Вошла молодая девушка на высоких каблуках с сильно поэтому поднятым задом, у которой был очень испуганный вид. Не успел я пройти в дверь, как она сказала:

– Ой! Как я только что испугалась!

Это меня заинтересовало, и я отодвинулся назад.

– Чего это? – откликнулась первая женщина, выставляя белое намазанное лицо.

– Да кто их знает, – сказала молодая. – Только что иду по коридору из уборной, вдруг какой-то черт с лестницы, прямо на меня! Не видят они, что ли? Какая-то фигура и лица не видно. Я стала к стене, чтоб его пропустить. А он идет прямо на меня. Ох! До сих пор сердце бьется, вся кровь ударила.

– Пьяный, что ли?

– Наверное, пьяный. Черт бы их подрал, гадов. Какую темноту развели!

– Как раз и мне нужно, – сказала

женщина. – Эти уборные – чистое наказание! Такая грязь.

– Да, без галош и думать нечего, – сказала молоденькая, – как взберешься на этот стульчак, так не знаешь, как и сойти!

После этих слов старшая сказала:

– Ну, посидите, Верочка. А то тут и комнату не оставишь. Сейчас вернусь, померим ваше платье.

С этим она вышла.

Этот разговор показался мне забавным и я, выскользнувши, помчался по коридору.

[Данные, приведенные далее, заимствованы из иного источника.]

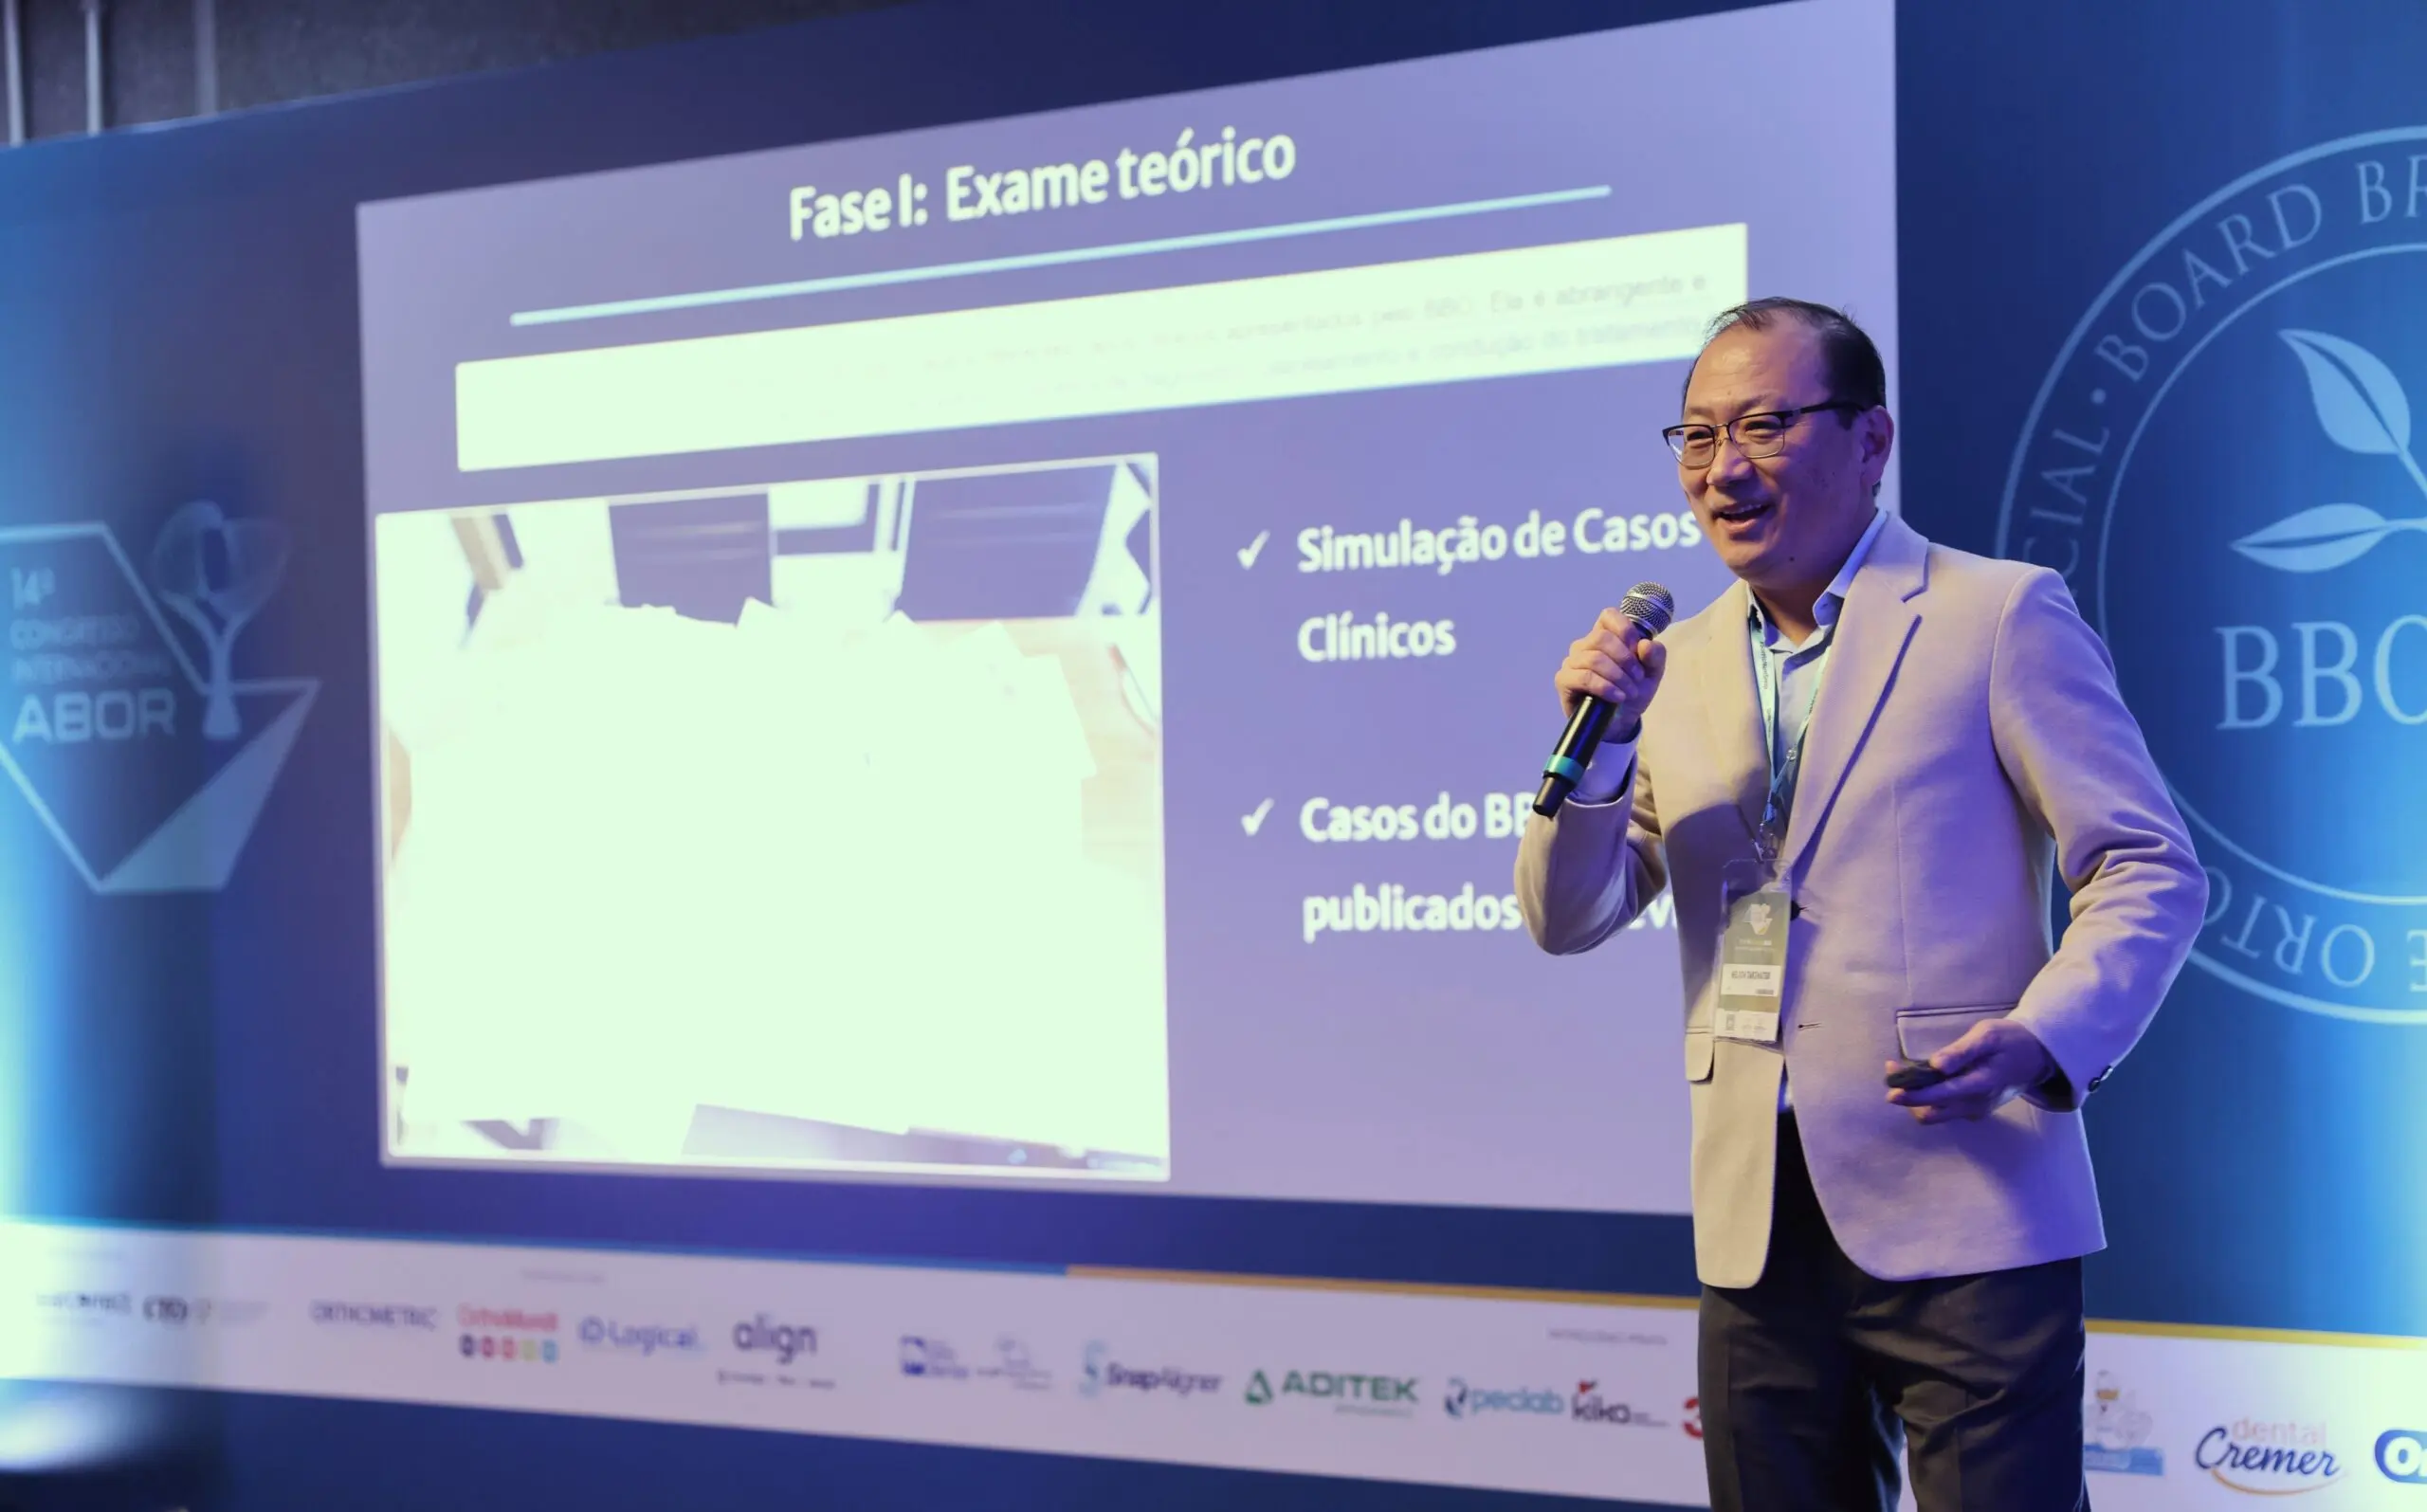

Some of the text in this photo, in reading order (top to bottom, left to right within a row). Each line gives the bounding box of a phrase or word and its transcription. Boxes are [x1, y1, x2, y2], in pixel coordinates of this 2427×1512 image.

Сладкое чувство, сопровождавшее движение, наконец улеглось. Я как бы очнулся и заметил, что нахожусь как раз возле уборной. Но это была не женская, а мужская уборная верхнего этажа. Тут я услышал шарканье за углом. Оттуда вышел старик, медленно волочивший ноги. Он вошел в уборную, вернее, в умывальник. Я слышал, как он выливает в раковину принесенный чайник, видимо с остатками заварки. Тогда я двинулся к двери (двери умывальников и уборных постоянно стояли открытыми), и она от этого стала закрываться. Я придвинулся так близко, что она плотно закрылась, но сейчас же распахнулась, и оттуда показалось рассерженное лицо старика, который подозрительно огляделся. Умывальник освещался светом из коридора, и там стало темно. Установив дверь, он вернулся, чтобы налить чайник. Тогда я придвинулся опять, и дверь снова стала закрываться. Когда он затолкал ее изнутри, она открылась не сразу. Лицо старика, появившегося оттуда, было перекошено страхом. Тогда я отлетел и стремглав пустился вниз.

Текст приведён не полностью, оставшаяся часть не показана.